Work to be completed: Each entry below must be repeated exactly. Leave the pictures out of it.

Extracted data:
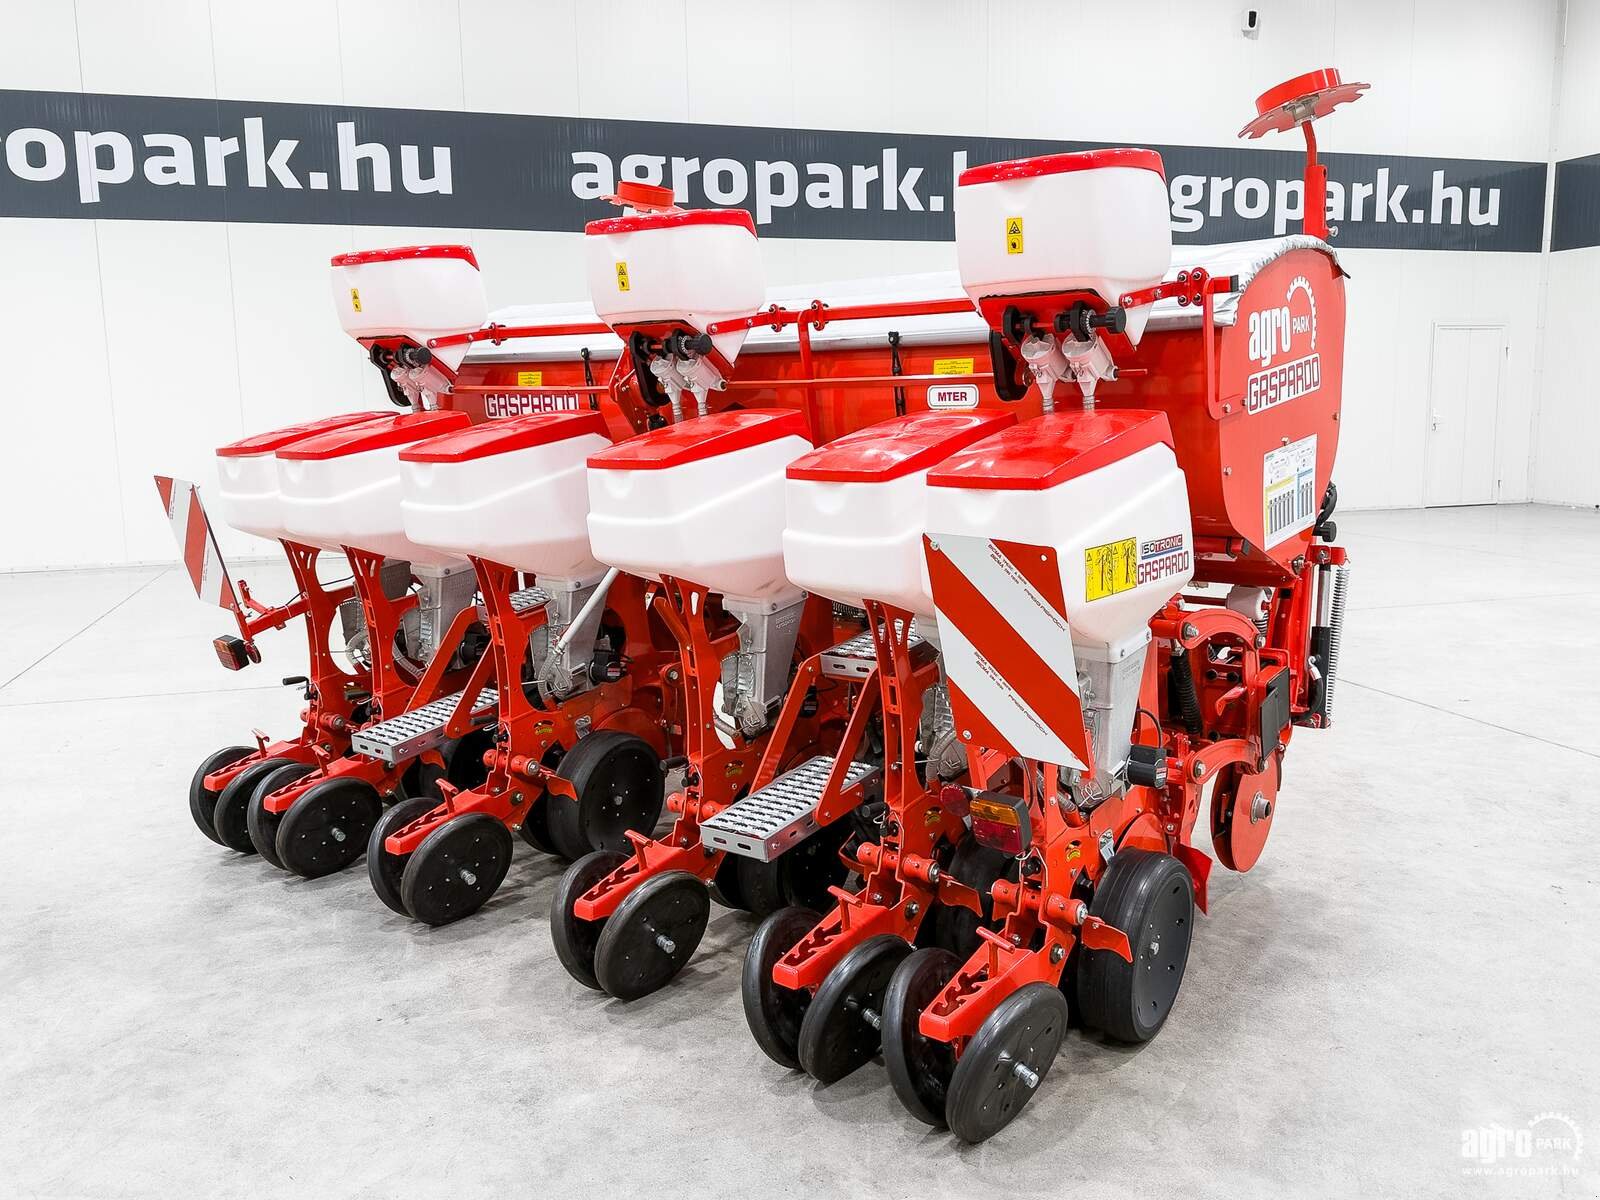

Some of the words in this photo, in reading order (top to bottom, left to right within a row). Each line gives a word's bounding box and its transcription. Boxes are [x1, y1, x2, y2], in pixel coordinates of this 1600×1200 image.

[0, 117, 453, 203] opark.hu
[571, 147, 967, 224] agropark.
[1170, 167, 1500, 235] gropark.hu
[1249, 306, 1291, 367] agro
[1293, 316, 1310, 334] PARK
[937, 391, 968, 402] MTER
[1249, 357, 1319, 411] GASPARDO
[1137, 550, 1189, 585] GASPARDO
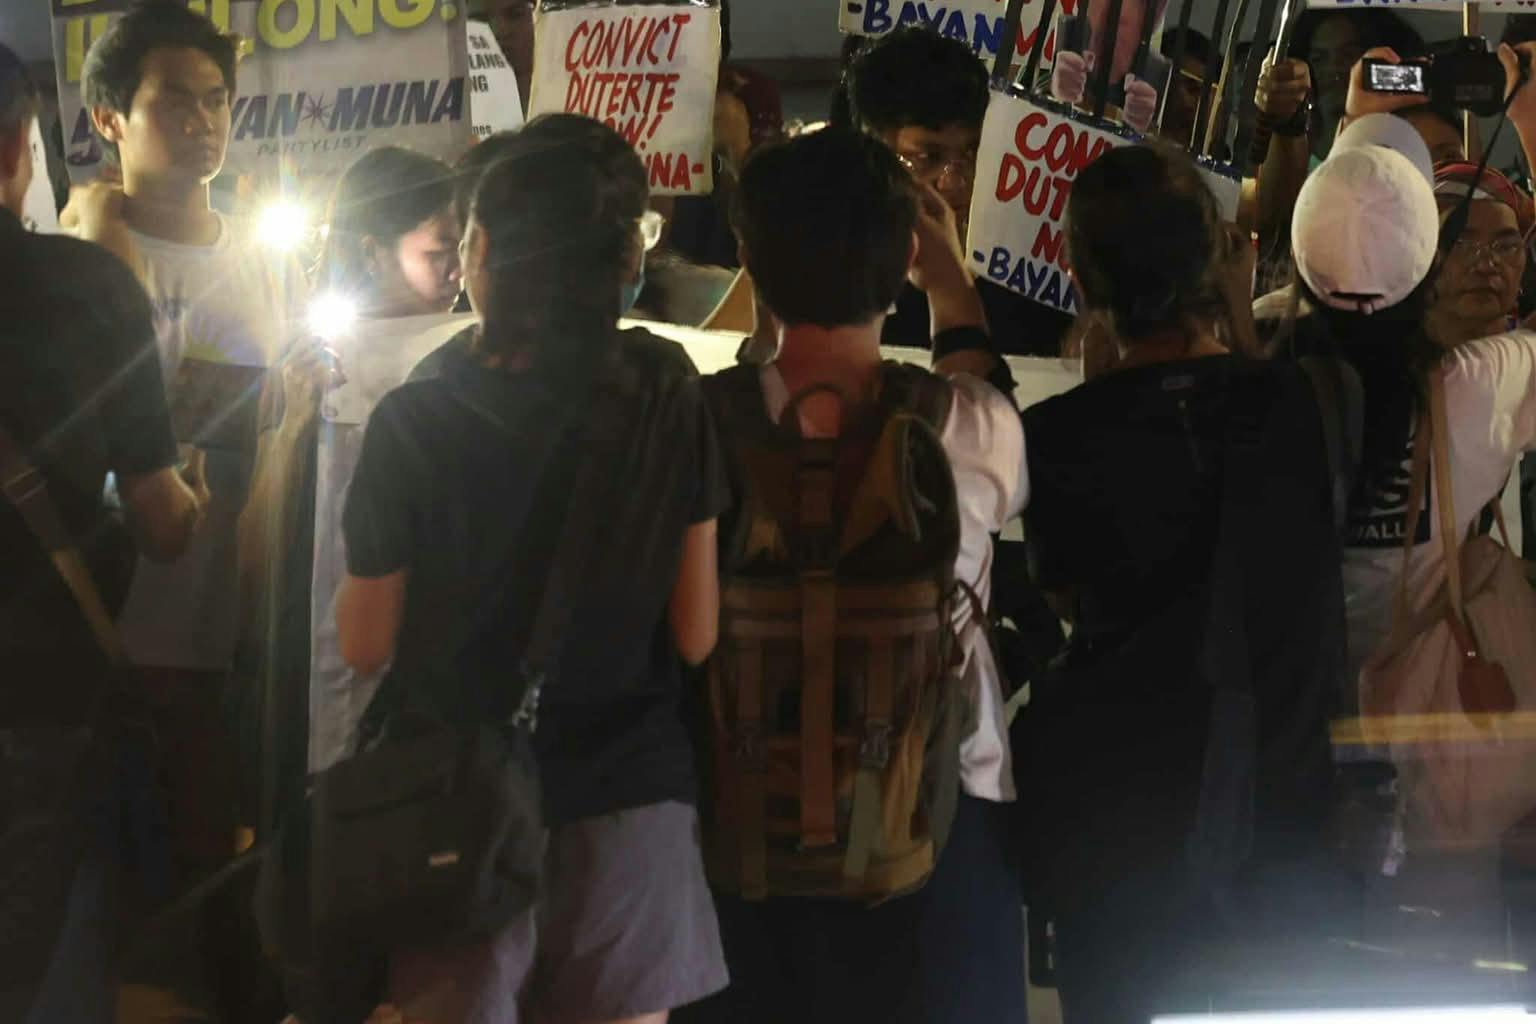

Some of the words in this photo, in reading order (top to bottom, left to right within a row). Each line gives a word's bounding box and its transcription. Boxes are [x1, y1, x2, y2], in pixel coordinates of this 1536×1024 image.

[565, 13, 691, 73] CONVICT
[328, 77, 465, 132] MUNA
[565, 72, 681, 120] DUTERTE

Exercise solution:
Some of the words in this photo, in reading order (top to bottom, left to right within a row). Each line gives a word's bounding box and its transcription. Boxes are [x1, y1, x2, y2], in pixel coordinates of this 1600×1200 image.

[0, 117, 453, 203] opark.hu
[571, 147, 967, 224] agropark.
[1170, 167, 1500, 235] gropark.hu
[1249, 306, 1291, 367] agro
[1293, 316, 1310, 334] PARK
[937, 391, 968, 402] MTER
[1249, 357, 1319, 411] GASPARDO
[1137, 550, 1189, 585] GASPARDO

Some of the words in this photo, in reading order (top to bottom, left to right within a row). Each line gives a word's bounding box and its transcription. Boxes are [x1, y1, x2, y2], in pixel coordinates of this 1536×1024 image.

[565, 13, 691, 73] CONVICT
[328, 77, 465, 132] MUNA
[565, 72, 681, 120] DUTERTE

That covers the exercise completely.